Seoul's 'defence data hacked' by Pyongyang

Democratic Party representative Rhee Cheol Hee said 235 gigabytes of military documents were taken from the Defence Integrated Data Centre in September last year.
Democratic Party representative Rhee Cheol Hee said 235 gigabytes of military documents were taken from the Defence Integrated Data Centre in September last year.PHOTO: AFP

SEOUL • North Korean hackers stole a large amount of classified military documents, including South Korea-US wartime operational plans to wipe out the Pyongyang leadership, a ruling party lawmaker from the South said yesterday.

Democratic Party representative Rhee Cheol Hee said 235 gigabytes of military documents were taken from the Defence Integrated Data Centre in September last year, citing information from unidentified South Korean defence officials.
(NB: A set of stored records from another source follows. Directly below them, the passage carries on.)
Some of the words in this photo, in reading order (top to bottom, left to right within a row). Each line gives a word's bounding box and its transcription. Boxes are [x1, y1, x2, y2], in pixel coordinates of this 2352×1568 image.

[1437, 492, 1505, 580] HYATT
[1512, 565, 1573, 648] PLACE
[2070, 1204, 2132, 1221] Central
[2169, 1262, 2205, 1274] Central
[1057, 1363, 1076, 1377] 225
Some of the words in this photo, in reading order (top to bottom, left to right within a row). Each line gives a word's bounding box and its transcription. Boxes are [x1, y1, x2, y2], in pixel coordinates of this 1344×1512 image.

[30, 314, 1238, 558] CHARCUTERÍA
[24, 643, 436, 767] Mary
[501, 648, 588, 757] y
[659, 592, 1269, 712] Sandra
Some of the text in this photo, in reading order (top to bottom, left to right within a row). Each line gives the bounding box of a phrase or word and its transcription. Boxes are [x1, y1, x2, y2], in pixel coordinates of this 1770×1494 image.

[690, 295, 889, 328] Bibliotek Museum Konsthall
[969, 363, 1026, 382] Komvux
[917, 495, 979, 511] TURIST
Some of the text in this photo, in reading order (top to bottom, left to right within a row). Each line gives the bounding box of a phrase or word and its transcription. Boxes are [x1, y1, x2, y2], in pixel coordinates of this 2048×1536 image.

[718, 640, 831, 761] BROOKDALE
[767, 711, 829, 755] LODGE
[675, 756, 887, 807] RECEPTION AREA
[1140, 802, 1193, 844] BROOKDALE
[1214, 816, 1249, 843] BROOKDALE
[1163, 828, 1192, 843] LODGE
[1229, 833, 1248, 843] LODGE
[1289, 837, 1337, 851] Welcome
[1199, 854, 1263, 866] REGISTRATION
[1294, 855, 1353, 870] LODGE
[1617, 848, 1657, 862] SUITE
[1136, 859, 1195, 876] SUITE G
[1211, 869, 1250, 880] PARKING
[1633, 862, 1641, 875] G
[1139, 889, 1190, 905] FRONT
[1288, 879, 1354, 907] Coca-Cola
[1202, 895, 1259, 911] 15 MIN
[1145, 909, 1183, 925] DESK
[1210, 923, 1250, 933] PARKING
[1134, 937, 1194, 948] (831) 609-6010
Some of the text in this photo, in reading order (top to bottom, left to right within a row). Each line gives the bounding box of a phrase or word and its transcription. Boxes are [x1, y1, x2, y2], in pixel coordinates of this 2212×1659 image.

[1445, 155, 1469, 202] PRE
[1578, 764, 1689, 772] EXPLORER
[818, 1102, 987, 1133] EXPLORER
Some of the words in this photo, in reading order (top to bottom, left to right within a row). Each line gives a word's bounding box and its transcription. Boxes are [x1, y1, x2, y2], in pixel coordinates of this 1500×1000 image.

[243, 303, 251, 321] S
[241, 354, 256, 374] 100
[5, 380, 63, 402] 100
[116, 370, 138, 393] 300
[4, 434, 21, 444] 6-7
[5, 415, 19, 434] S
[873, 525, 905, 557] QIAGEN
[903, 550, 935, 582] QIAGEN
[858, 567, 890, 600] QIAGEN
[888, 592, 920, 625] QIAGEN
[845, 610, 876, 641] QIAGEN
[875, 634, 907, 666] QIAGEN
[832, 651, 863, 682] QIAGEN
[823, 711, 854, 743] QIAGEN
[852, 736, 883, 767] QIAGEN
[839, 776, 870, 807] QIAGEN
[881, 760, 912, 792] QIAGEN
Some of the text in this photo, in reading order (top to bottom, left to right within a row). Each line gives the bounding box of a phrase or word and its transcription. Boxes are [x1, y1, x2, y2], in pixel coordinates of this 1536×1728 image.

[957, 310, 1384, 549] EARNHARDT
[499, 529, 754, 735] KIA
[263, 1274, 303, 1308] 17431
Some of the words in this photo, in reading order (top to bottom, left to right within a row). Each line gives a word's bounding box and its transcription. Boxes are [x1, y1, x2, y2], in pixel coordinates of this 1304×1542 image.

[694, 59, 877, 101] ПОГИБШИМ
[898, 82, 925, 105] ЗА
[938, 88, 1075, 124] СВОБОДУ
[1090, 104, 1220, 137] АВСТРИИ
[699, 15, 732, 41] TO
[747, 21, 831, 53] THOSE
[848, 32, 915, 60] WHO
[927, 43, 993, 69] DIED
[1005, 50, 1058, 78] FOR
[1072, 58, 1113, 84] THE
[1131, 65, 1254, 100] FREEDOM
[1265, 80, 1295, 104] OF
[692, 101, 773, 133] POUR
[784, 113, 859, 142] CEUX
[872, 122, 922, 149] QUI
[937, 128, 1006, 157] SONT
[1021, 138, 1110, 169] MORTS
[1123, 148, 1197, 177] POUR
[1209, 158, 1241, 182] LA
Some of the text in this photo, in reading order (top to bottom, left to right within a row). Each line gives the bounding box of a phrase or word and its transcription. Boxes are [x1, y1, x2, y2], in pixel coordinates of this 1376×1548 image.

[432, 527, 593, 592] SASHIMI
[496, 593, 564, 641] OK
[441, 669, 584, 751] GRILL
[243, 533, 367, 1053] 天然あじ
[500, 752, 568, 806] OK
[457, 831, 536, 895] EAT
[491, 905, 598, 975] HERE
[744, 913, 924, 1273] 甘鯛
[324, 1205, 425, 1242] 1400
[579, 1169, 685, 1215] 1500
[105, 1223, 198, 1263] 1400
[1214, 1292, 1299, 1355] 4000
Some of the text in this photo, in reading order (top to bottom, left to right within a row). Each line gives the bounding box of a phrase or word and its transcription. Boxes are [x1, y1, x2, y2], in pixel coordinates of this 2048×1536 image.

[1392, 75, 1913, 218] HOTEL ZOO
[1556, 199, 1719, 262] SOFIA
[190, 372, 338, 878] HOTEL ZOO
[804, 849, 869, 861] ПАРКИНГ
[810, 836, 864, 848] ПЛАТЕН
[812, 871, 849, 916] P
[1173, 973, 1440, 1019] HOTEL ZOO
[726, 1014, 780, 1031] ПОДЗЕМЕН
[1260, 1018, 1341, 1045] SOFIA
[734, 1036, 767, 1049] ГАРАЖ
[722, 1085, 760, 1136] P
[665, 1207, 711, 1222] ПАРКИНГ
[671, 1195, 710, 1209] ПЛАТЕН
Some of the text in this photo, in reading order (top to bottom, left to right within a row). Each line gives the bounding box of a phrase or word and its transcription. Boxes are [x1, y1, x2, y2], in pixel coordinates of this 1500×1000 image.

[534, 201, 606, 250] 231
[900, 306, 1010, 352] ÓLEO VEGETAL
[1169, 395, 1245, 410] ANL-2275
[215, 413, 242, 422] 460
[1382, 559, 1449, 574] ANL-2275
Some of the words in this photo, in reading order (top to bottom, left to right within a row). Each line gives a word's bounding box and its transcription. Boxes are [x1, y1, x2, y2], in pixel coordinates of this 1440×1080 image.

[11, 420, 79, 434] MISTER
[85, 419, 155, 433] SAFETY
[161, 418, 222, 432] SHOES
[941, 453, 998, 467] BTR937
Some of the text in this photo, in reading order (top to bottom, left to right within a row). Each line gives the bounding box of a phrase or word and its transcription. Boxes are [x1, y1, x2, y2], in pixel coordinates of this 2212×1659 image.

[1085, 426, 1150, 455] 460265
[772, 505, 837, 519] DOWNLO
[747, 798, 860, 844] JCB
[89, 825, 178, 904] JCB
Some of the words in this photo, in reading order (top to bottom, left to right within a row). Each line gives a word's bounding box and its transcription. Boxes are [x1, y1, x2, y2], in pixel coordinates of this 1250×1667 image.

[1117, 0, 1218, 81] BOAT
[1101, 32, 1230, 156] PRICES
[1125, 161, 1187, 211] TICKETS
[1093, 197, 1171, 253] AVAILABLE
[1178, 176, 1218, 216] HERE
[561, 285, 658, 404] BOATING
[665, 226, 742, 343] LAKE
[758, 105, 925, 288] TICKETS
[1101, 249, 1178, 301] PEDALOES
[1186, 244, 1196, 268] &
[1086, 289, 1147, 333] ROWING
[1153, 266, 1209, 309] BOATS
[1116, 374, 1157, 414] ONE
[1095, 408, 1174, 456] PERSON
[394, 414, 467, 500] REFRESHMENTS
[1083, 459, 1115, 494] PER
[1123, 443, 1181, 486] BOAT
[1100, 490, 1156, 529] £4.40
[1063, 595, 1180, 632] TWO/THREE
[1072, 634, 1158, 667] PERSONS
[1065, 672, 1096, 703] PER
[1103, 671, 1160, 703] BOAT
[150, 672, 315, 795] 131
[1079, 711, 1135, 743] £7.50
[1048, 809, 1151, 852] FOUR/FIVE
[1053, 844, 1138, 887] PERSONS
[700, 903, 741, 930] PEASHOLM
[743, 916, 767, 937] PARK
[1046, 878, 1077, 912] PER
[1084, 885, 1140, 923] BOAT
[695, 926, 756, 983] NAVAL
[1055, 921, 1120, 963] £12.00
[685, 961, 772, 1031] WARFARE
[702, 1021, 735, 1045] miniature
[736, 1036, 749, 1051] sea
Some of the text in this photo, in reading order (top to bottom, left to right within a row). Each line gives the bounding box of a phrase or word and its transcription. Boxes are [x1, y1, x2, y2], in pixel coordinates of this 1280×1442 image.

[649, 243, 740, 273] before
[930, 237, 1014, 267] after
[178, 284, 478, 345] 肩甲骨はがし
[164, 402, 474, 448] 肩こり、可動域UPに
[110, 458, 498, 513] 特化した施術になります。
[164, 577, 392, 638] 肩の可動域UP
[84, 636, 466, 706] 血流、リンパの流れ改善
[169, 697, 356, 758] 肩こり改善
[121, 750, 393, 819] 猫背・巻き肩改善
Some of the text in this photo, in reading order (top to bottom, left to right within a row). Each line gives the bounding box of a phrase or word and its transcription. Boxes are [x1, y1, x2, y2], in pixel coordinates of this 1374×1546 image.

An investigative team at the Defence Ministry announced in May that the hack had been carried out by North Korea, but did not disclose what kind of information had been taken.

Pyongyang has denied responsibility in its state media for the cyber attacks, criticising Seoul for "fabricating" the claims.

Mr Rhee, who is on the National Assembly's committee for national defence, said about 80 per cent of the hacked data had not yet been identified, but that none of it was likely to have compromised the South Korean military because it was not top classified intelligence.

Some of the hacked information addressed how to identify movements of members of the North Korean leadership, how to seal off their hiding locations and attack from the air before eliminating them. These plans had likely not been classified properly, but Mr Rhee said Defence Ministry officials told him the hacked documents were not of top importance.

He said the hack was made possible by "a simple mistake" when a connector jack linking the military's intranet to the Internet was not eliminated after maintenance work on the system.

Pyongyang has denied responsibility in its state media for the cyber attacks, criticising Seoul for "fabricating" the claims.

The Defence Ministry's official stance is that it cannot confirm anything the lawmaker said about the hacked content.

In Washington, the Pentagon said it was aware of the media reports but would not comment on the potential breach.

"Although I will not comment on intelligence matters or specific incidents related to cyber intrusion, I can assure you we are confident in the security of our operations plans and our ability to deal with any threat from North Korea," said Pentagon spokesman Robert Manning.

Meanwhile, cyber security firm FireEye said in a statement yesterday that North Korea-affiliated agents were detected trying to phish US electric companies via e-mails sent in mid-September, although these attempts did not lead to a disruption in the power supply. It did not specify when the attempts had been detected or clarify which companies had been affected.

FireEye said the phishing attack detected was "early-stage reconnaissance" and did not indicate North Korea was about to stage an "imminent, disruptive" cyber attack.